Records contained in a dataset
────────────────────
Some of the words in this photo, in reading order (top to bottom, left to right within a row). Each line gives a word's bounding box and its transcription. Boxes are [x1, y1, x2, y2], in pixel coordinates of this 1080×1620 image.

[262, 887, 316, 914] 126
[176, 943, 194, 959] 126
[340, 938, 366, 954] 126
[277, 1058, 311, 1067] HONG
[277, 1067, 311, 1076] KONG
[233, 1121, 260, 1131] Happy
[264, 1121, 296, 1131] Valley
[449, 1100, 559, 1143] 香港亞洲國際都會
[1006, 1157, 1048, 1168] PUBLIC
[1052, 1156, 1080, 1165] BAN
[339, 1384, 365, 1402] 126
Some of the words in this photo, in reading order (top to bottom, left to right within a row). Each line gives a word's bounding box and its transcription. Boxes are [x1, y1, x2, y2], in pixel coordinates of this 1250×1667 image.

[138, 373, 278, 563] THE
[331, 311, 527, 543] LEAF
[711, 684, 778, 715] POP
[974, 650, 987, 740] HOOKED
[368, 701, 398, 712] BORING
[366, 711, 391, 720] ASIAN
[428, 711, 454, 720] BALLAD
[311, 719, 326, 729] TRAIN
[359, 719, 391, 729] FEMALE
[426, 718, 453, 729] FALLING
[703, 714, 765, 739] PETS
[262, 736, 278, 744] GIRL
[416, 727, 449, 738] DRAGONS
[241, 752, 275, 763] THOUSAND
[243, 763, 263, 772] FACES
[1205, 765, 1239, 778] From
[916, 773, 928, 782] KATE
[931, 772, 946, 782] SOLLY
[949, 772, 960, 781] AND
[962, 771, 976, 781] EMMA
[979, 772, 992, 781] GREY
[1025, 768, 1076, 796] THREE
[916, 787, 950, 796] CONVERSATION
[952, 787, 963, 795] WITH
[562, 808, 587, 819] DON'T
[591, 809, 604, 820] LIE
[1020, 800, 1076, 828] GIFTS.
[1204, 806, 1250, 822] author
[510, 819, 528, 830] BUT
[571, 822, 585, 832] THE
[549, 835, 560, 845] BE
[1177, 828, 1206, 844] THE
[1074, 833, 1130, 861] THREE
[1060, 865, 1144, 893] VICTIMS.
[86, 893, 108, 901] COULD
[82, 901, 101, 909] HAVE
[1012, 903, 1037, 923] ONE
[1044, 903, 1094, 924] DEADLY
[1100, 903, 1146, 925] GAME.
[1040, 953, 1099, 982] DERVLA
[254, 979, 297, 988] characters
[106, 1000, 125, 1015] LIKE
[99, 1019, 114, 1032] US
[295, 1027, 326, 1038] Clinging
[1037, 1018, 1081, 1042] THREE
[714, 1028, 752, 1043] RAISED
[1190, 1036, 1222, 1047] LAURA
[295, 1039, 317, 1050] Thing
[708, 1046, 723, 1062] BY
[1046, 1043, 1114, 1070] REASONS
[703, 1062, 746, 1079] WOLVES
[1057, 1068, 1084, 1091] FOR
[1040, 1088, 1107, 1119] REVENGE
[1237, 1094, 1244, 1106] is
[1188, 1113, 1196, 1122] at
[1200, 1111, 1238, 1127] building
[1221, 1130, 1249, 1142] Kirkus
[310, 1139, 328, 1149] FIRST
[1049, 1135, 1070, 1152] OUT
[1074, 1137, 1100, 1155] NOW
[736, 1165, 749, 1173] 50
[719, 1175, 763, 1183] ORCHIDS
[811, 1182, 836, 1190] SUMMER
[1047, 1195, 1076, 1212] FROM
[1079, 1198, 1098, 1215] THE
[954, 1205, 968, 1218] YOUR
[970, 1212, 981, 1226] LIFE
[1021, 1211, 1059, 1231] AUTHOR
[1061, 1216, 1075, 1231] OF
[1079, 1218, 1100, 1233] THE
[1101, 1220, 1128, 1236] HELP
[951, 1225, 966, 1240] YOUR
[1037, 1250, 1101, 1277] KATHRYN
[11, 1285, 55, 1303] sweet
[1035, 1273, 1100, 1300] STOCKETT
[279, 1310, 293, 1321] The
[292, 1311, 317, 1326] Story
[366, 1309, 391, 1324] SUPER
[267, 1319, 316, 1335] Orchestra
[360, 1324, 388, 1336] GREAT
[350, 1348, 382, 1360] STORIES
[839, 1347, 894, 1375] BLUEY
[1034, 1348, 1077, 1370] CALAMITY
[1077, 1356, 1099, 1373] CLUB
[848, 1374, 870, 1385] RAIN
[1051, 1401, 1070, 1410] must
────────────────────
TASK GOAL >>
Whenever a line of the data above includes the word "reading", copy that line.

EXERCISE RESPONSE >>
Some of the words in this photo, in reading order (top to bottom, left to right within a row). Each line gives a word's bounding box and its transcription. Boxes are [x1, y1, x2, y2], in pixel coordinates of this 1080×1620 image.
Some of the words in this photo, in reading order (top to bottom, left to right within a row). Each line gives a word's bounding box and its transcription. Boxes are [x1, y1, x2, y2], in pixel coordinates of this 1250×1667 image.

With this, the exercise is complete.